Sisi Gelap Private Equity
Selama bertahun-tahun, industri private equity atau PE dikenal sebagai dunia investasi kelas atas, tempat uang besar berputar dan keuntungan luar biasa dihasilkan. Banyak orang percaya bahwa perusahaan PE adalah “penyelamat” yang mampu menghidupkan kembali bisnis yang hampir mati, memperbaikinya, lalu menjualnya dengan untung besar.
Tapi laporan investigasi Business Insider berjudul “You’re Being Lied To About Private Equity” membongkar sisi gelap di balik citra glamor tersebut.
Di balik istilah keuangan yang rumit, sebenarnya bisnis PE sederhana, mereka membeli perusahaan dengan menggunakan utang besar, mempercantik laporan keuangannya untuk sementara, lalu menjualnya dengan harga lebih tinggi.
Masalahnya, utang besar itu bukan mereka yang bayar, melainkan perusahaan yang mereka beli. Akibatnya, banyak perusahaan yang awalnya sehat justru kolaps setelah diambil alih.
Contohnya, Toys R Us yang dulu jadi toko mainan legendaris, akhirnya bangkrut karena tak sanggup menanggung utang hasil pembelian oleh perusahaan PE.
Lalu, bagaimana PE bisa tetap untung meski perusahaannya bangkrut? Jawabannya ada di biaya dan trik keuangan. Mereka mengenakan berbagai fees (biaya manajemen) kepada investor dan perusahaan yang mereka beli. Ada juga taktik bernama dividend recapitalization, di mana perusahaan dipaksa meminjam uang baru hanya untuk membayar “bonus” besar kepada perusahaan PE.
Bahkan, ada praktik sale-leaseback, aset seperti gedung dijual, lalu disewa kembali dengan harga mahal. Hasilnya, perusahaan mendapat uang tunai sementara, tapi jadi punya beban sewa berat setiap bulan. Praktik semacam ini bukan cuma soal angka di laporan keuangan. Dampaknya bisa langsung dirasakan oleh masyarakat.

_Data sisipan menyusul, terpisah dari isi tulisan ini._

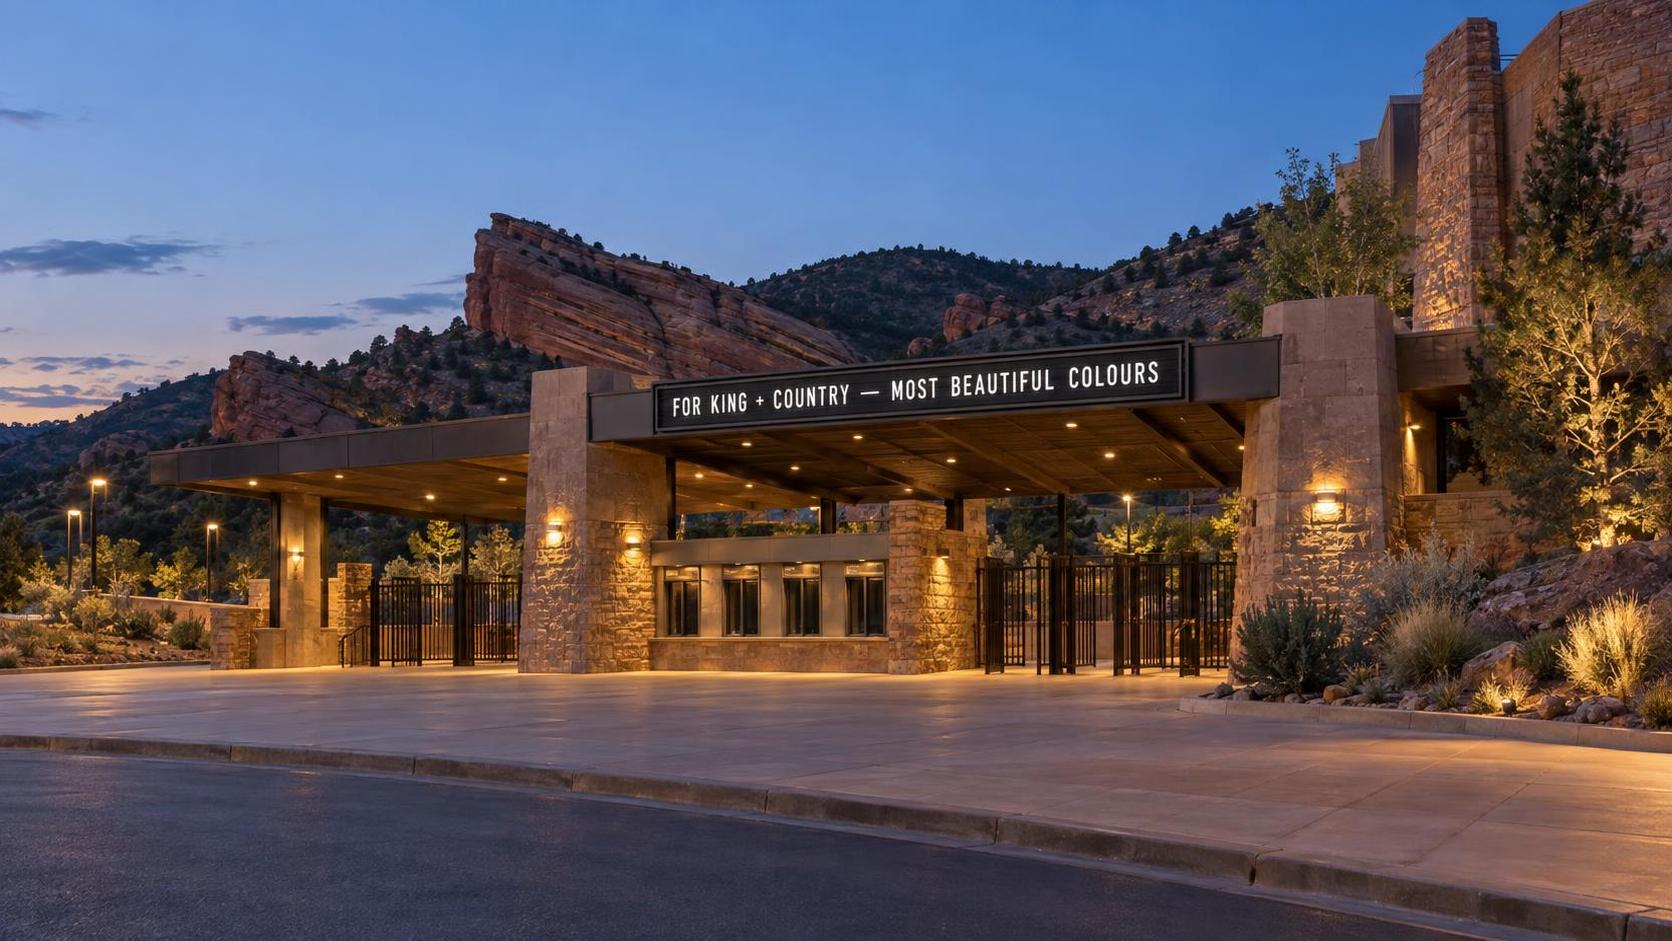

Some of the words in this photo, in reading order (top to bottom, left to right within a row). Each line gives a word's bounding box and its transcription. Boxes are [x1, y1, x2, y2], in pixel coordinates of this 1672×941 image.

[672, 396, 701, 418] FOR
[711, 392, 747, 414] KING
[755, 395, 765, 406] +
[773, 383, 850, 410] COUNTRY
[891, 377, 939, 401] MOST
[951, 368, 1055, 397] BEAUTIFUL
[1068, 361, 1159, 389] COLOURS
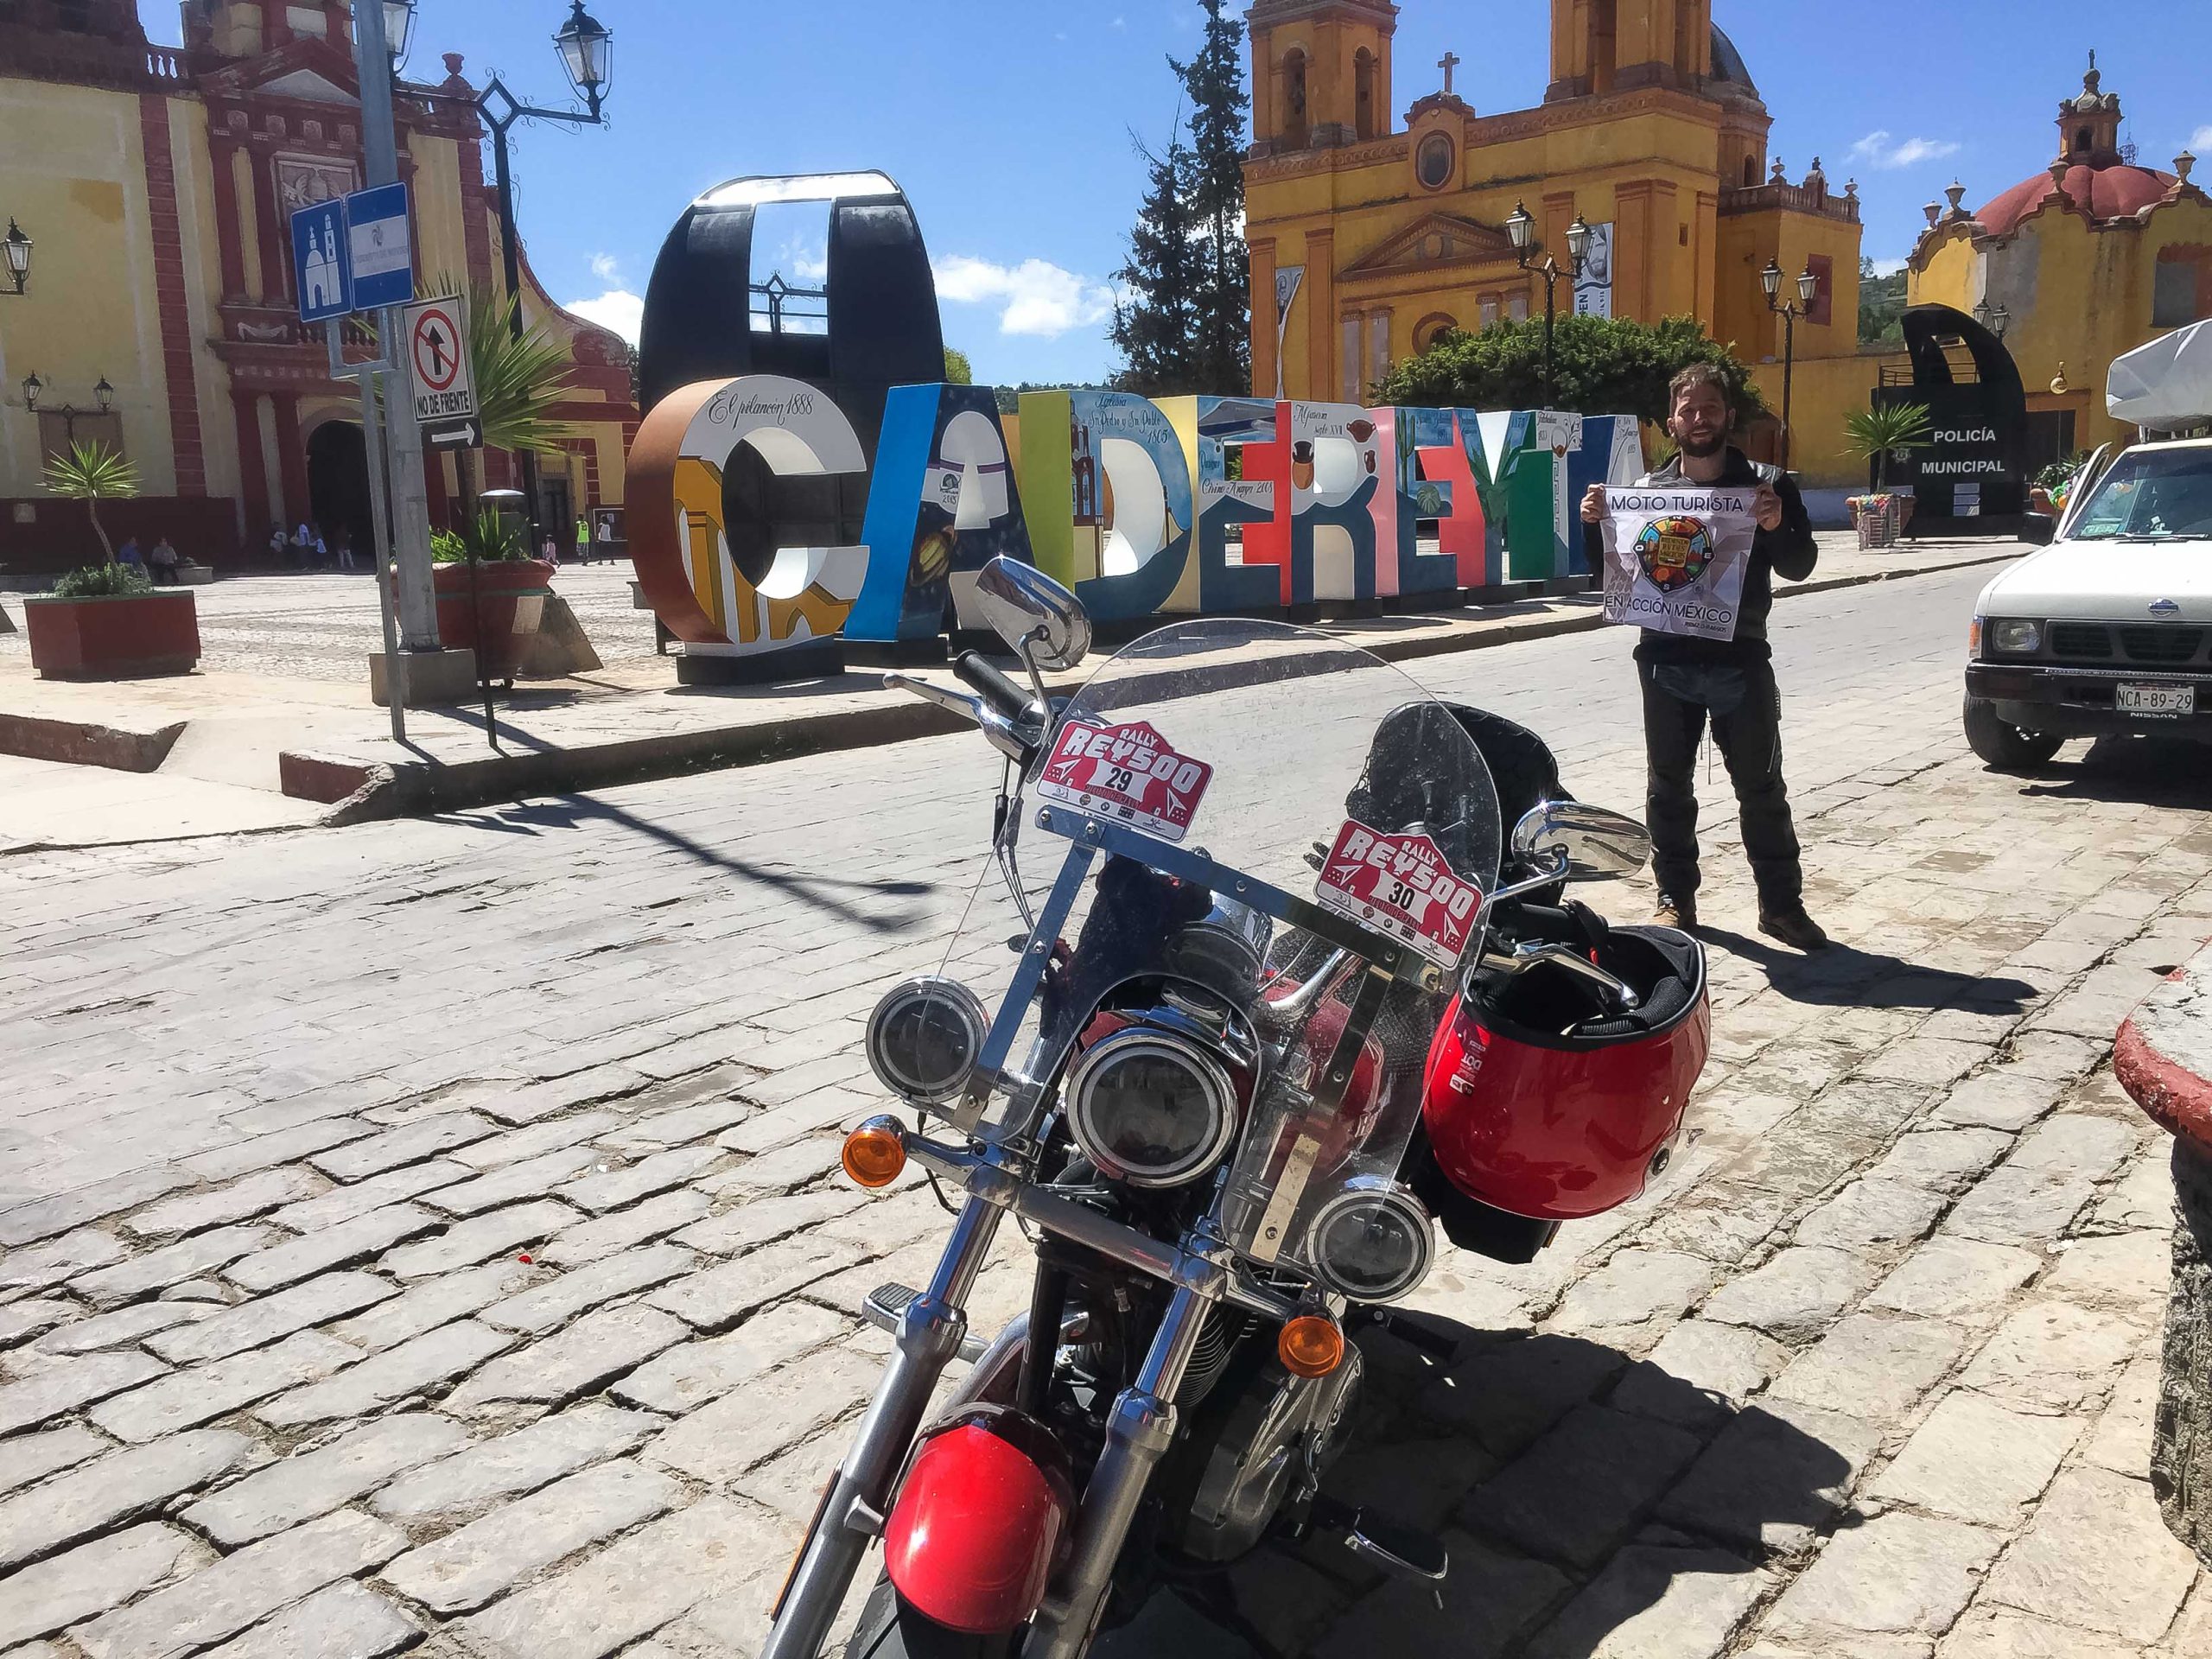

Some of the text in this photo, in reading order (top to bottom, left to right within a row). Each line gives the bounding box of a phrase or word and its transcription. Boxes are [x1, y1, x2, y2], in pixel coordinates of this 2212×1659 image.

[416, 391, 469, 416] NO DE FRENTE
[709, 390, 738, 424] El
[785, 393, 813, 416] 1888
[1934, 427, 1996, 442] POLICÍA
[1922, 461, 2005, 474] MUNICIPAL
[1611, 496, 1744, 512] MOTO TURISTA
[1605, 595, 1732, 624] EN ACCIÓN MÉXICO
[2117, 690, 2192, 709] NCA-89-29
[1119, 728, 1160, 748] RALLY
[1061, 727, 1203, 794] REY500
[1105, 767, 1134, 791] 29
[1402, 840, 1439, 867] RALLY
[1340, 829, 1475, 920] REY500
[1388, 881, 1415, 910] 30
[1460, 1052, 1483, 1071] DOT

Di sektor kesehatan misalnya, panti jompo dan rumah sakit yang dibeli oleh PE sering kali mengalami penurunan kualitas layanan karena jumlah perawat dikurangi demi menghemat biaya.

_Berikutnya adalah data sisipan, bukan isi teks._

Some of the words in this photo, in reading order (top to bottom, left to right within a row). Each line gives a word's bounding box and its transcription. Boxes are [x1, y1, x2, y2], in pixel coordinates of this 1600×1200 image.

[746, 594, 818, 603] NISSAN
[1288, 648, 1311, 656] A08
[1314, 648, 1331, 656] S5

Sebuah studi bahkan menemukan bahwa tingkat kematian di panti jompo milik PE meningkat hingga 11%. Dalam beberapa kasus, rumah sakit besar seperti Steward Healthcare harus menutup sejumlah fasilitas karena tak sanggup menanggung utang dan biaya sewa gedung yang dijual oleh pemilik PE.

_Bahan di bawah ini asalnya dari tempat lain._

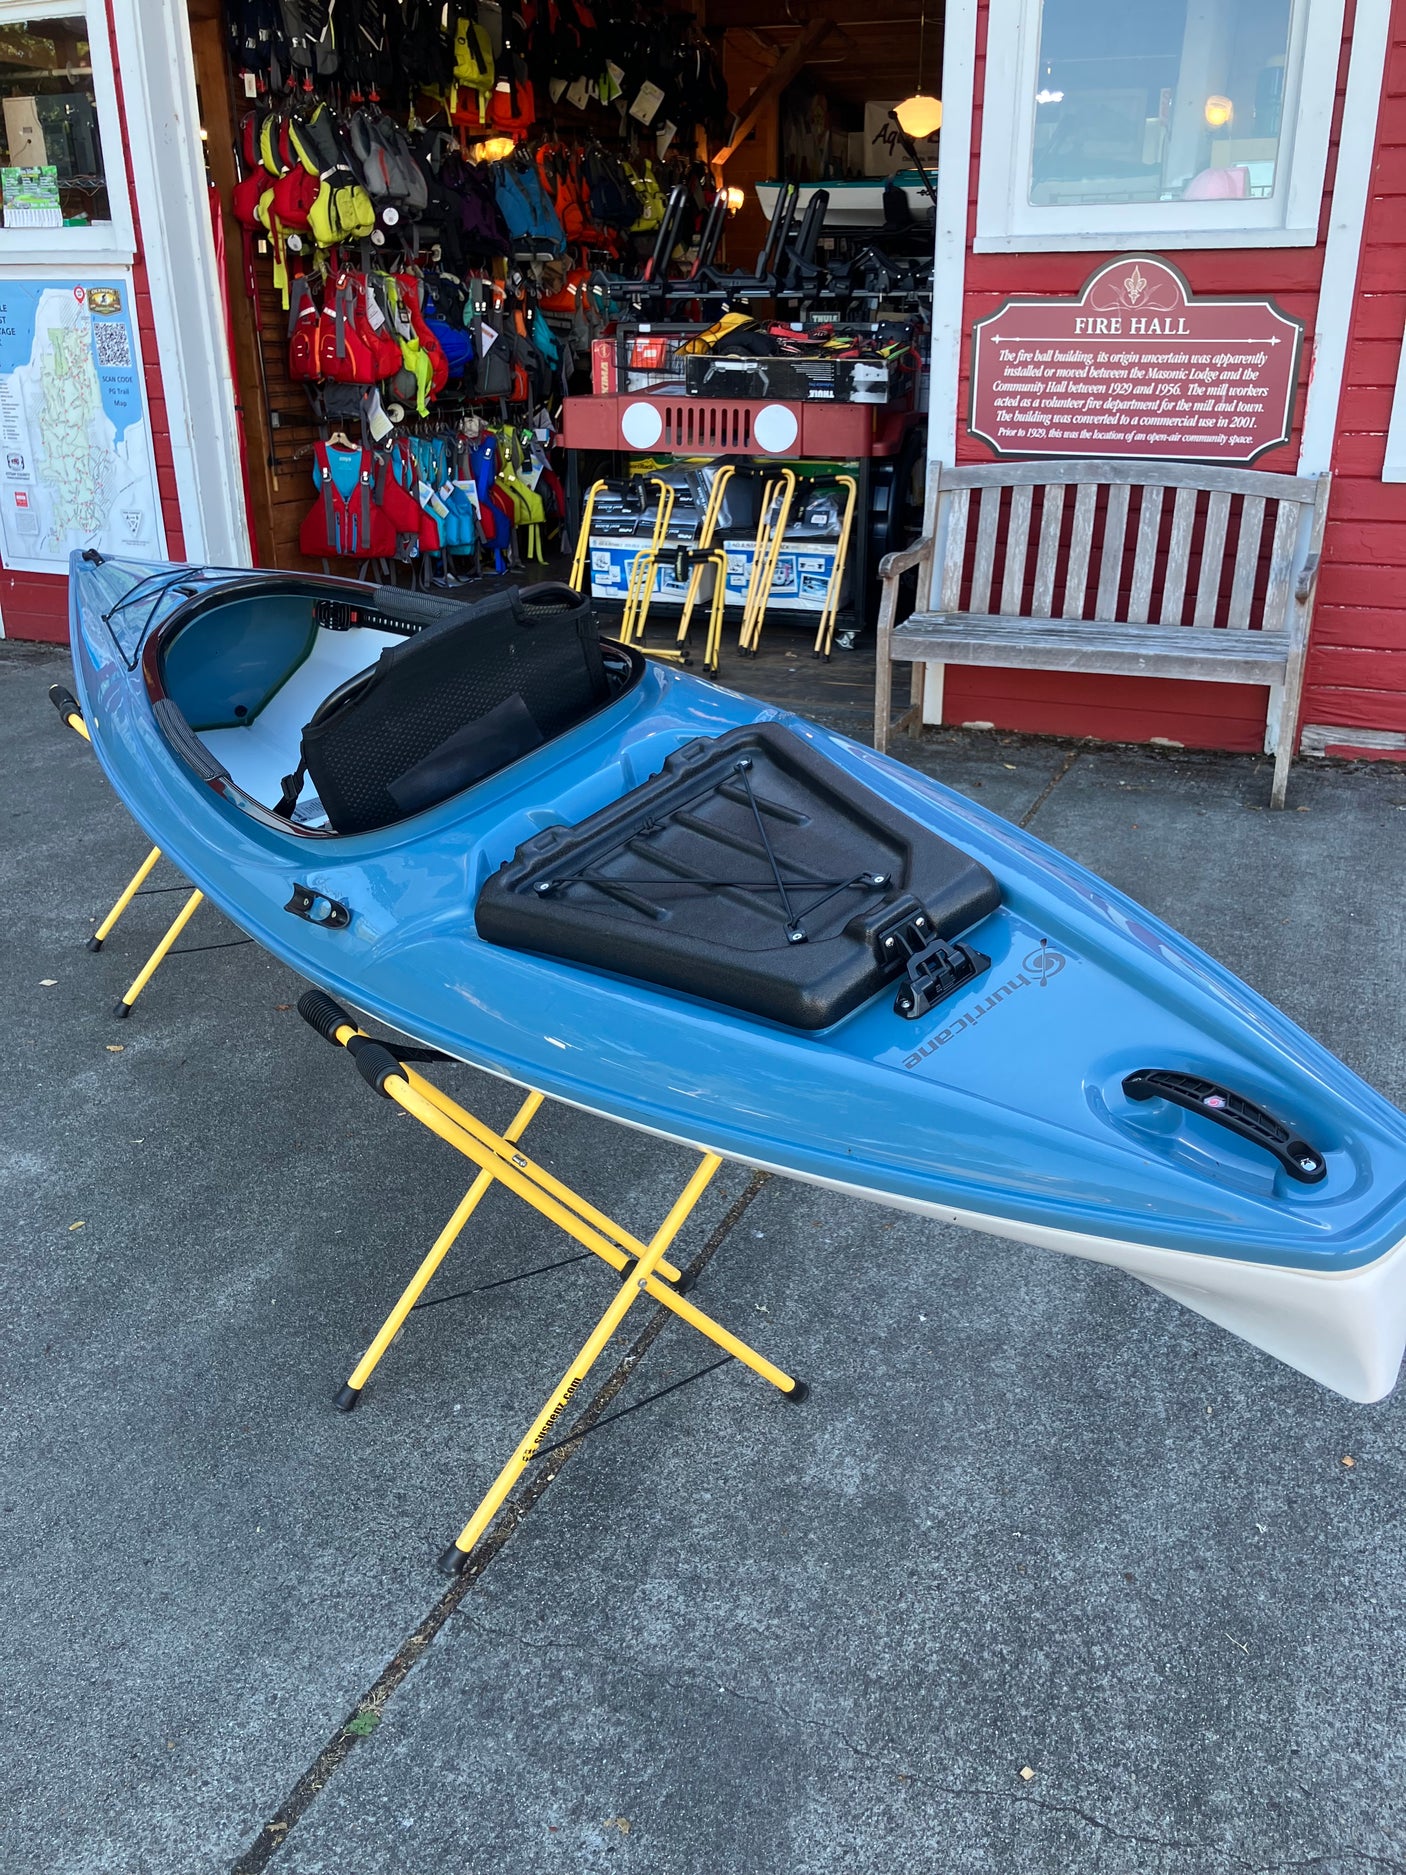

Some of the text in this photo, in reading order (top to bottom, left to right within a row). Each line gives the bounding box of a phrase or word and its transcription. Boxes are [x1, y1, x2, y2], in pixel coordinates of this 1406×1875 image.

Ironisnya, industri ini kerap mengklaim bahwa mereka membantu “pahlawan masyarakat” guru, perawat, dan pemadam kebakaran, karena dana pensiun mereka sering diinvestasikan ke PE.
Tapi menurut penelitian dari Harvard dan Oxford, kinerja PE sebenarnya tidak lebih baik dari pasar saham biasa (seperti S&P 500), apalagi setelah biaya besar dan risiko tinggi diperhitungkan. Artinya, banyak pekerja yang menaruh harapan pada investasi ini justru bisa kehilangan sebagian tabungan pensiunnya tanpa sadar.
Kini, setelah kehabisan perusahaan besar untuk dibeli, industri PE mulai mengincar bisnis kecil seperti bengkel, klinik gigi, dan tempat cuci mobil. Mereka juga sedang melobi agar bisa menjual produk investasinya langsung ke investor ritel, orang biasa yang menabung lewat rekening pensiun. Para ahli memperingatkan bahwa langkah ini sangat berbahaya, karena banyak orang mungkin tidak memahami risiko besar di balik janji “keuntungan tinggi.”
Di akhir laporan, Business Insider menegaskan bahwa private equity bukan selalu tentang inovasi atau penyelamatan bisnis, melainkan tentang bagaimana segelintir orang bisa menghasilkan uang dengan cepat, bahkan jika perusahaan dan pekerjanya harus menanggung akibatnya. Mitos tentang “kehebatan PE” mungkin terdengar manis, tapi kenyataannya jauh lebih pahit.